Transcribe the entries exactly as they stand below, passing over any picture.

※

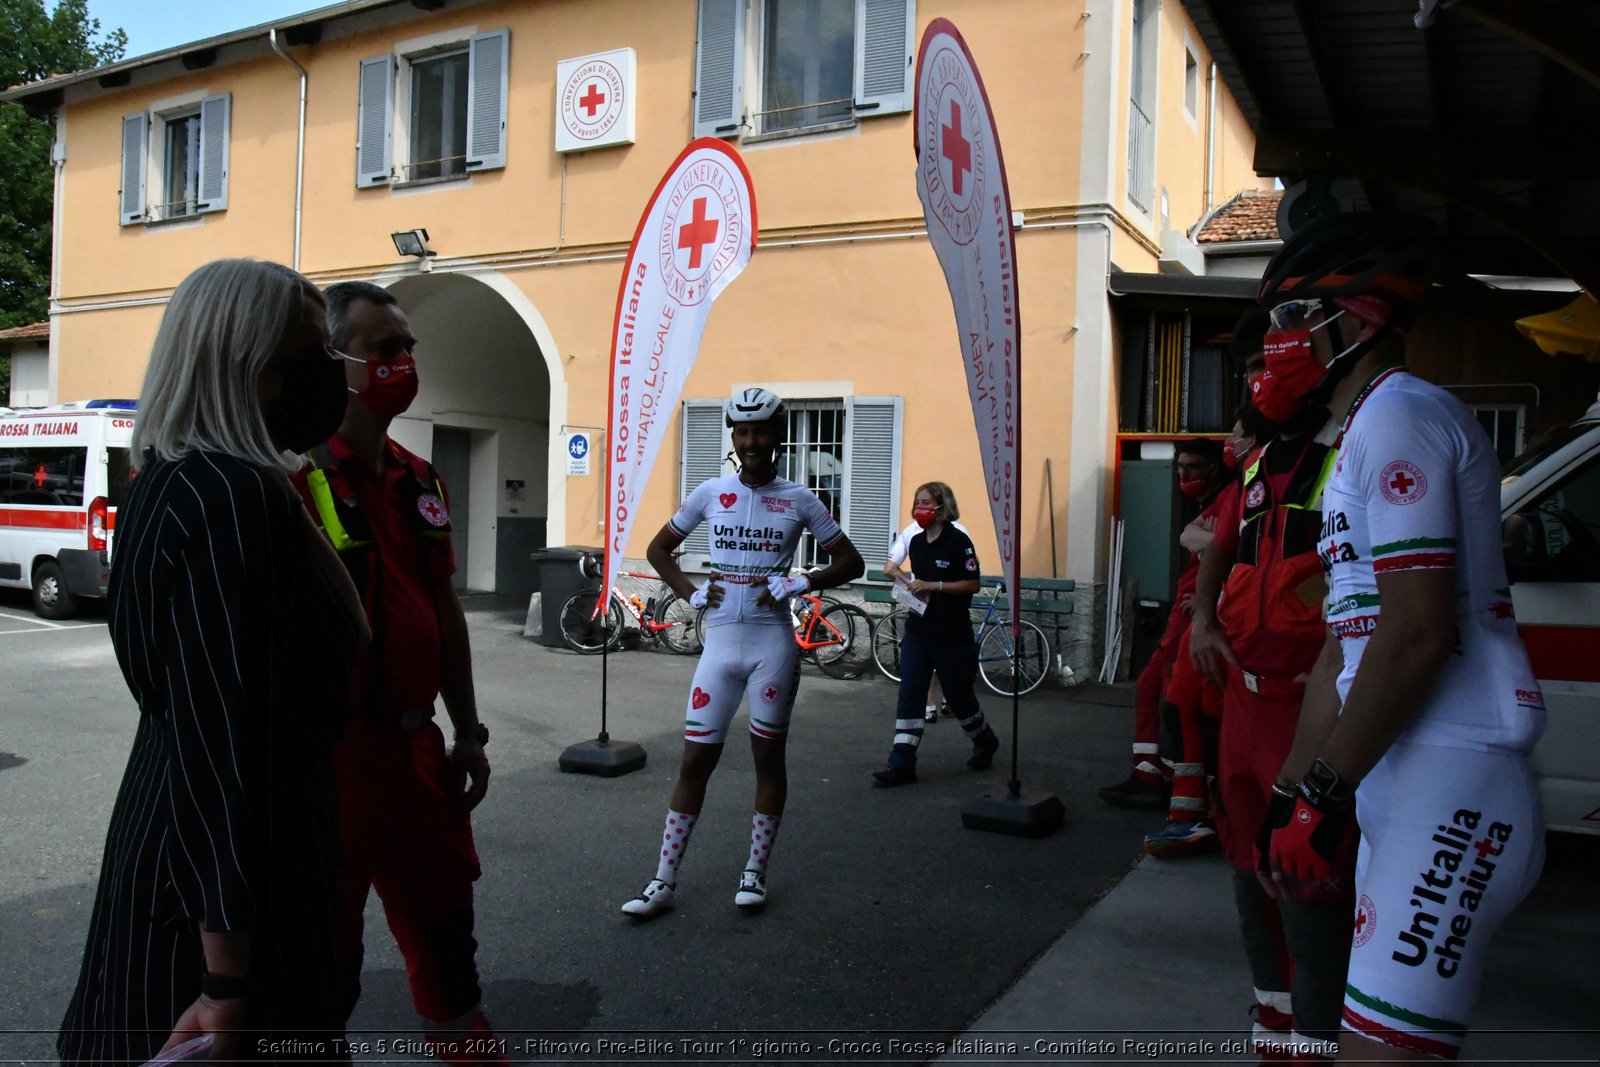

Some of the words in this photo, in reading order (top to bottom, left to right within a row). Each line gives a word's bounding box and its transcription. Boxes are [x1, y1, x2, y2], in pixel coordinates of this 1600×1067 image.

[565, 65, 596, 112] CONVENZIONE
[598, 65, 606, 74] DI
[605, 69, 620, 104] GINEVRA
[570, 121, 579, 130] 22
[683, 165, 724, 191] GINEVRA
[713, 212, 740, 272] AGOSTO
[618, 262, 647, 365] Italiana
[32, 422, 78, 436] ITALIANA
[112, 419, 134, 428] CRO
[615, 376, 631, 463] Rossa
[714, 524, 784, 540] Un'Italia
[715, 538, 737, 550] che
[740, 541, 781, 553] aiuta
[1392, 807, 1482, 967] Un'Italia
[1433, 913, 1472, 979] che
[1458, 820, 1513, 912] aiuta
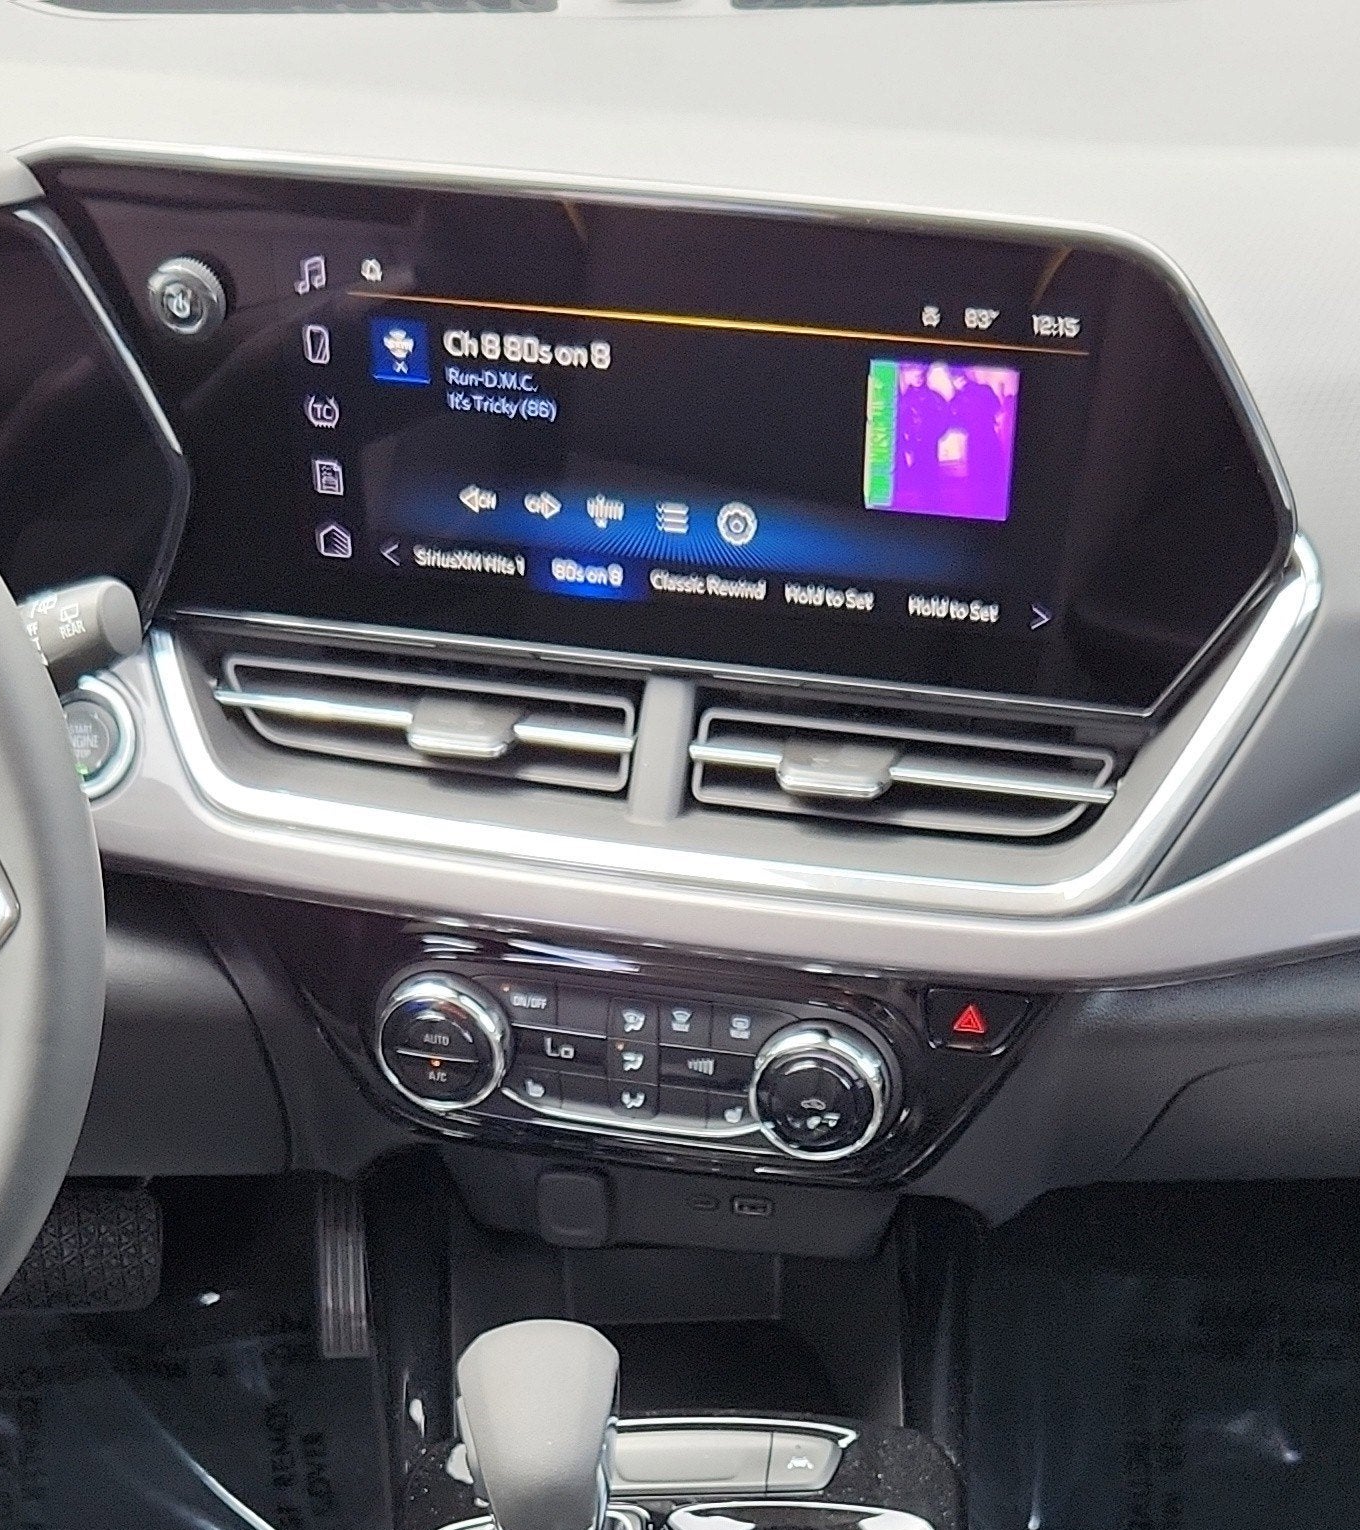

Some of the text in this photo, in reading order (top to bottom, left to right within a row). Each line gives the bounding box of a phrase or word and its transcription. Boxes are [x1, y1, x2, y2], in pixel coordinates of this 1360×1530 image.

※

• _Solution for this task_
Some of the words in this photo, in reading order (top to bottom, left to right within a row). Each line gives a word's bounding box and its transcription. Boxes are [x1, y1, x2, y2], in pixel coordinates of this 1600×1067 image.

[565, 65, 596, 112] CONVENZIONE
[598, 65, 606, 74] DI
[605, 69, 620, 104] GINEVRA
[570, 121, 579, 130] 22
[683, 165, 724, 191] GINEVRA
[713, 212, 740, 272] AGOSTO
[618, 262, 647, 365] Italiana
[32, 422, 78, 436] ITALIANA
[112, 419, 134, 428] CRO
[615, 376, 631, 463] Rossa
[714, 524, 784, 540] Un'Italia
[715, 538, 737, 550] che
[740, 541, 781, 553] aiuta
[1392, 807, 1482, 967] Un'Italia
[1433, 913, 1472, 979] che
[1458, 820, 1513, 912] aiuta

Some of the text in this photo, in reading order (top to bottom, left to right within a row). Each line gives the bounding box of a phrase or word and its transcription. Boxes are [x1, y1, x2, y2], in pixel coordinates of this 1360×1530 image.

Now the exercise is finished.